Colorado Proposition 103: The massive $3 billion tax increase and the fallacy that more money means better education
Many voters will begin casting their ballots in Colorado this week and a seemingly feel-good measure to pour more money into public education, Proposition 103, is one issue to be decided. Despite proponents’ attempts to deceive voters, this is a massive tax increase that would be felt by every family in the state during hard economic times.
The brainchild of Colorado State Senator Rollie Heath, D-Boulder, Proposition 103 would require an increase in not only state income tax but also the state sales tax. Income taxes would rise by a whopping 8% and sales taxes would jump a significant 3.4%.
Over the five year period these tax increases are in effect, the state’s coffers would swell by nearly $3 billion dollars. Families across Colorado who are already struggling to make ends meet would be footing the bill and throwing good money after bad.
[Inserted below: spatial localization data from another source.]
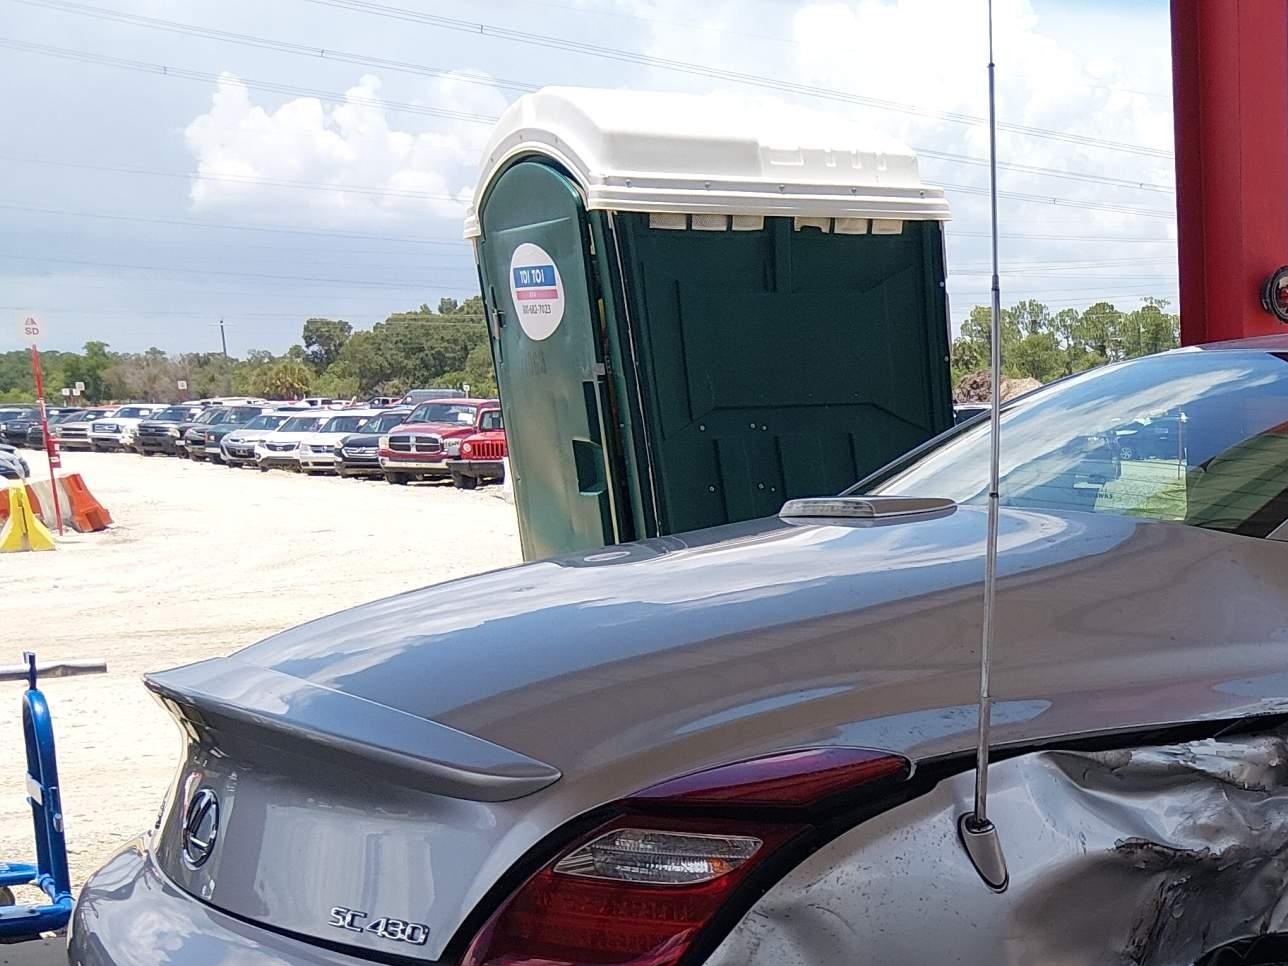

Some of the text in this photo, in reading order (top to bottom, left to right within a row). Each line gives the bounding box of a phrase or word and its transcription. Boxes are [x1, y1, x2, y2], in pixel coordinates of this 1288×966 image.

[520, 269, 544, 284] TOI TOI
[25, 327, 39, 335] SD
[328, 906, 431, 945] SC 430
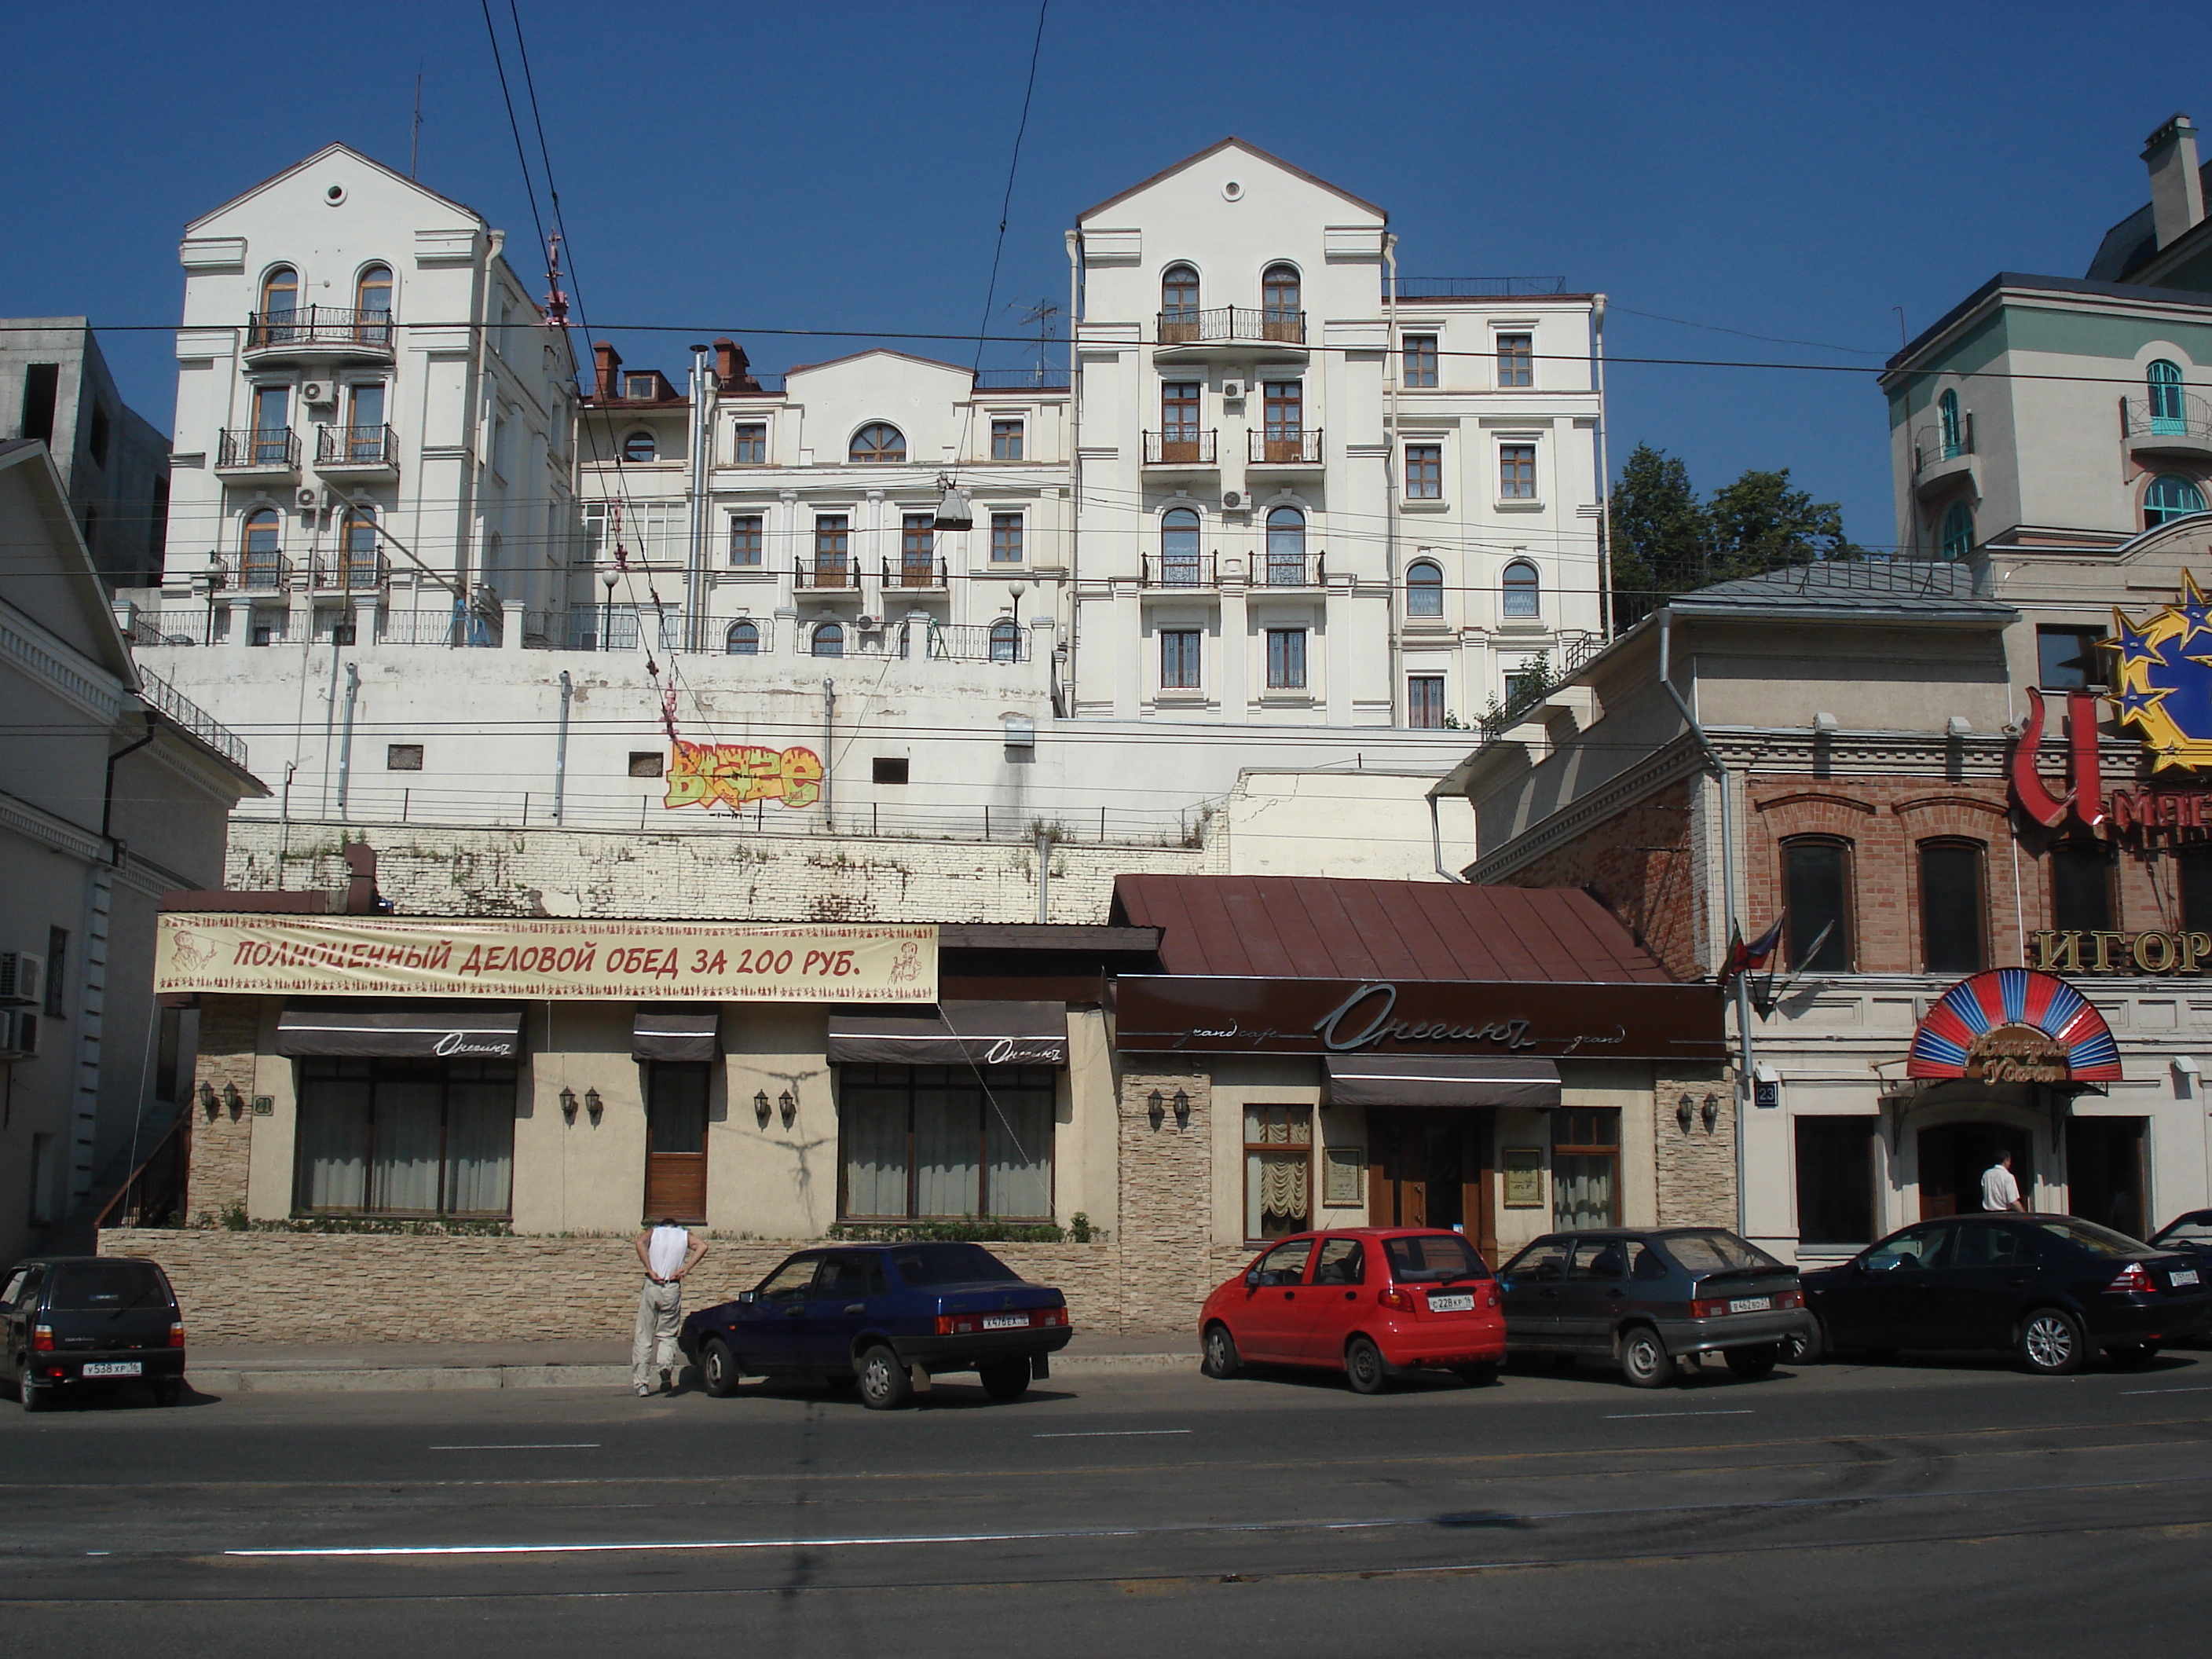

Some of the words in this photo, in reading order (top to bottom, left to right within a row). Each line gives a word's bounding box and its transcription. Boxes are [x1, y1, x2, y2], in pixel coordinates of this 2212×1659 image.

[233, 939, 453, 972] ПОЛНОЦЕННЫЙ
[459, 941, 598, 976] ДЕЛОВОЙ
[606, 946, 679, 980] ОБЕД
[691, 947, 728, 975] ЗА
[736, 949, 793, 976] 200
[802, 949, 861, 977] РУБ.
[2035, 929, 2212, 972] ИГОР
[1173, 1018, 1238, 1048] grand
[1239, 1027, 1278, 1046] cafe
[1563, 1024, 1626, 1054] grand
[1759, 1088, 1774, 1101] 23
Those who support the measure call this a “five-year time out from school cuts.” If you read their mailings or visit their website, you will hardly find the word ‘tax.’ They clearly believe Colorado voters are idiots but supporters’ attempts to disguise the issue are entirely disingenuous.
The wording of the ballot issue clearly says, “Shall state taxes be increased” and “increasing the rate of the state income tax” as well as “increasing the rate of the state sales and use tax.”
Like the rest of the nation, Colorado’s economy is hurting. Failed leadership in Washington DC, policies that do more to harm than help, and a state legislature filled with those bent on installing a nanny state are all to blame. Coloradoans are paying the price.
Proposition 103 seeks to tug at the heart strings though by insisting this is all for the kids. After all, schools have had to tighten their belts and watch their spending just like everyone else but that isn’t fair.
In reality however, little has come from massive increases in education spending in recent decades. Have we seen an increase in student achievement with increased funds? No.
In fact, despite our generosity, students have not reaped the benefits. Unions have. School district administrations have. Parents and students have seen nothing.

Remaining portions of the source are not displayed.